FYI, Sage is also the name of a mathematical programming language: https://www.sagemath.org/


Thank you!! Sage will eventually change its name (I just recently found out about this), but I haven't had time to come up with a good replacement name and make art + quippy sayings for it yet! :)

I might just go with a completely made up word to avoid any trademarks entirely haha


What are the constraints that you want for the name?

I was thinking "Pragmata", or something along those lines.

Continuing with natureish themes: Alga Moss Myco Wisp Ivy


My major constraint is just that the name must lend itself well to artistic representations and fun mottos/slogans hahaha!

I love these suggestions, especially Moss and Ivy! Thank you!


I was surprised to find no associated programming languages for sumac and bay (leaf).


Mint? ;)



Hahaha I doubt there's an English word left!!!


Rosemary and Oregano are free! Thyme is not.


How long until we enumerate all the herbs?!?!?!?!?! The pantry's almost empty!!!


I like it!
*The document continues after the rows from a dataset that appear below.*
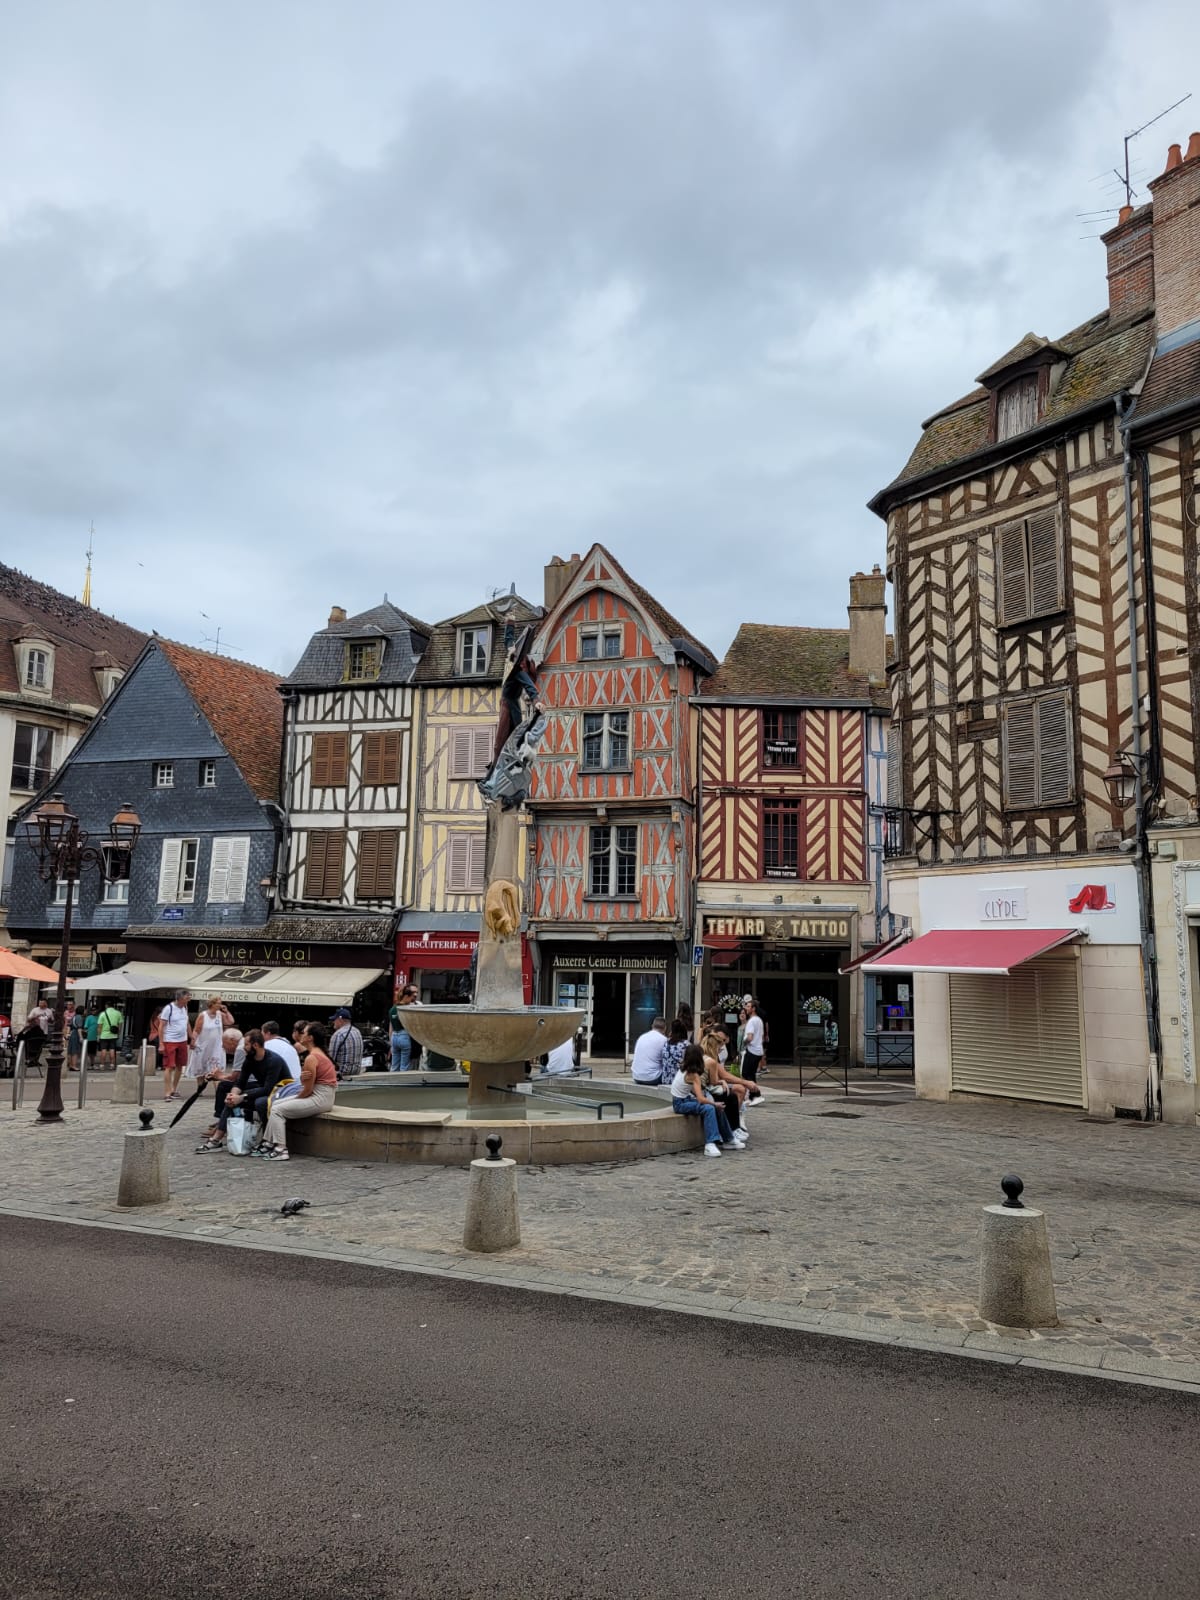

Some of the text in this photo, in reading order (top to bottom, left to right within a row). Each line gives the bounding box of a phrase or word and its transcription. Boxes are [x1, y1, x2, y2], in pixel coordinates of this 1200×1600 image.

[985, 898, 1017, 917] CLYDE
[706, 917, 848, 937] TETARD TATTOO
[195, 943, 311, 960] Olivier Vidal
[406, 940, 459, 949] BISCUITERIE
[460, 941, 469, 949] de
[553, 955, 668, 969] Auxerre Centre Immobilier
[220, 992, 249, 1001] France
[256, 993, 311, 1004] Chocolatier
And if that's trademarked too I could always fall back on "spearmint" instead haha


I used SageMath for my masters. It was a life saver.


I'll have to check it out and reimplement it's good features for THIS Sage hahaha


Super cool! How is memory managed? Does it do lifetimes like Rust as well?


Right now, memory is managed like C or C++, but I intend to implement lifetimes in the frontend eventually.

But definitely no garbage collection (although, a target could implement it against the standard and it would work)

Thanks for checking out the project!